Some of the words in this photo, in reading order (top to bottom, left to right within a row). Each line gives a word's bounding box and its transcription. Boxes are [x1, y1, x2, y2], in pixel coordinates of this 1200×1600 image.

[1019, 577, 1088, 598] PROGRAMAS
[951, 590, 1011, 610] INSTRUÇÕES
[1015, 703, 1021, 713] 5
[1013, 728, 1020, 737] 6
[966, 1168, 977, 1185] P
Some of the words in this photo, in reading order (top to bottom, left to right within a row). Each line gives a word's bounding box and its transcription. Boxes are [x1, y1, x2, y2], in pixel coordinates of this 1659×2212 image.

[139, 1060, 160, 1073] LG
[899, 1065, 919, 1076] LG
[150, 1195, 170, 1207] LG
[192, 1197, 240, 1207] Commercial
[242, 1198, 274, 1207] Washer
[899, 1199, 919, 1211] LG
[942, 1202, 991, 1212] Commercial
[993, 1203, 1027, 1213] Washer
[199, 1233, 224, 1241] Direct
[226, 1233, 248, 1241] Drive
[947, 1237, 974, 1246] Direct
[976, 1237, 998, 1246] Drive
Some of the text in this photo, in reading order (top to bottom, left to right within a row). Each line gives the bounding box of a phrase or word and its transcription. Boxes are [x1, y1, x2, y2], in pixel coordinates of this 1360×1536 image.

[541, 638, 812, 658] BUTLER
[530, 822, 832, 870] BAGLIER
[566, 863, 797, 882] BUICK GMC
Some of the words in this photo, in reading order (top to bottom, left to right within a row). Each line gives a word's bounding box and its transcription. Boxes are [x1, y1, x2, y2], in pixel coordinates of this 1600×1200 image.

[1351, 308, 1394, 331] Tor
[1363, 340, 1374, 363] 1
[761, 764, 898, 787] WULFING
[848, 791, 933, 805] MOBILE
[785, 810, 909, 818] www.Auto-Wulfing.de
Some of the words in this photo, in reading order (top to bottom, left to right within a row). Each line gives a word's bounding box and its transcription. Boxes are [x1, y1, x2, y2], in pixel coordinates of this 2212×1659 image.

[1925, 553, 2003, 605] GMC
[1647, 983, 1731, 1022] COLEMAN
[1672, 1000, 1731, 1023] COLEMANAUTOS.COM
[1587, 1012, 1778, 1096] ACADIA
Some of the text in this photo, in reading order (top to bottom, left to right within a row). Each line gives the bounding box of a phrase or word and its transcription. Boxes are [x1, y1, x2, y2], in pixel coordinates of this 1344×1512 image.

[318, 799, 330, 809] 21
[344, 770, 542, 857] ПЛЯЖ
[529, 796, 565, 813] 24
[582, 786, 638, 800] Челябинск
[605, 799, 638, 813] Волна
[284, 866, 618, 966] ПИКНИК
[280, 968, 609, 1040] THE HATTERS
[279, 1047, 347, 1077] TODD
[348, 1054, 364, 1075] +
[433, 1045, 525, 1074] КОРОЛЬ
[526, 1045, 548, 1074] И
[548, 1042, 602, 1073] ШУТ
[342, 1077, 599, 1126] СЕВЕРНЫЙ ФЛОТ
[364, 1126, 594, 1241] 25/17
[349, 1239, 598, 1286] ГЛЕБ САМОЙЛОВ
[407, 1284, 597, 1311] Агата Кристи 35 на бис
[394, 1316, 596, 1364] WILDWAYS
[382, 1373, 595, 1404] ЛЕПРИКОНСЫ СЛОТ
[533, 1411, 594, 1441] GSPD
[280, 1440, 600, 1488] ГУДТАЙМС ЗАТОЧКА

..........

- [EXERCISE DESCRIPTION] Without any change, reproduce the data in full.

- [ANSWER TO THIS TASK]
Some of the words in this photo, in reading order (top to bottom, left to right within a row). Each line gives a word's bounding box and its transcription. Boxes are [x1, y1, x2, y2], in pixel coordinates of this 1200×1600 image.

[1019, 577, 1088, 598] PROGRAMAS
[951, 590, 1011, 610] INSTRUÇÕES
[1015, 703, 1021, 713] 5
[1013, 728, 1020, 737] 6
[966, 1168, 977, 1185] P
Some of the words in this photo, in reading order (top to bottom, left to right within a row). Each line gives a word's bounding box and its transcription. Boxes are [x1, y1, x2, y2], in pixel coordinates of this 1659×2212 image.

[139, 1060, 160, 1073] LG
[899, 1065, 919, 1076] LG
[150, 1195, 170, 1207] LG
[192, 1197, 240, 1207] Commercial
[242, 1198, 274, 1207] Washer
[899, 1199, 919, 1211] LG
[942, 1202, 991, 1212] Commercial
[993, 1203, 1027, 1213] Washer
[199, 1233, 224, 1241] Direct
[226, 1233, 248, 1241] Drive
[947, 1237, 974, 1246] Direct
[976, 1237, 998, 1246] Drive
Some of the text in this photo, in reading order (top to bottom, left to right within a row). Each line gives the bounding box of a phrase or word and its transcription. Boxes are [x1, y1, x2, y2], in pixel coordinates of this 1360×1536 image.

[541, 638, 812, 658] BUTLER
[530, 822, 832, 870] BAGLIER
[566, 863, 797, 882] BUICK GMC
Some of the words in this photo, in reading order (top to bottom, left to right within a row). Each line gives a word's bounding box and its transcription. Boxes are [x1, y1, x2, y2], in pixel coordinates of this 1600×1200 image.

[1351, 308, 1394, 331] Tor
[1363, 340, 1374, 363] 1
[761, 764, 898, 787] WULFING
[848, 791, 933, 805] MOBILE
[785, 810, 909, 818] www.Auto-Wulfing.de
Some of the words in this photo, in reading order (top to bottom, left to right within a row). Each line gives a word's bounding box and its transcription. Boxes are [x1, y1, x2, y2], in pixel coordinates of this 2212×1659 image.

[1925, 553, 2003, 605] GMC
[1647, 983, 1731, 1022] COLEMAN
[1672, 1000, 1731, 1023] COLEMANAUTOS.COM
[1587, 1012, 1778, 1096] ACADIA
Some of the text in this photo, in reading order (top to bottom, left to right within a row). Each line gives the bounding box of a phrase or word and its transcription. Boxes are [x1, y1, x2, y2], in pixel coordinates of this 1344×1512 image.

[318, 799, 330, 809] 21
[344, 770, 542, 857] ПЛЯЖ
[529, 796, 565, 813] 24
[582, 786, 638, 800] Челябинск
[605, 799, 638, 813] Волна
[284, 866, 618, 966] ПИКНИК
[280, 968, 609, 1040] THE HATTERS
[279, 1047, 347, 1077] TODD
[348, 1054, 364, 1075] +
[433, 1045, 525, 1074] КОРОЛЬ
[526, 1045, 548, 1074] И
[548, 1042, 602, 1073] ШУТ
[342, 1077, 599, 1126] СЕВЕРНЫЙ ФЛОТ
[364, 1126, 594, 1241] 25/17
[349, 1239, 598, 1286] ГЛЕБ САМОЙЛОВ
[407, 1284, 597, 1311] Агата Кристи 35 на бис
[394, 1316, 596, 1364] WILDWAYS
[382, 1373, 595, 1404] ЛЕПРИКОНСЫ СЛОТ
[533, 1411, 594, 1441] GSPD
[280, 1440, 600, 1488] ГУДТАЙМС ЗАТОЧКА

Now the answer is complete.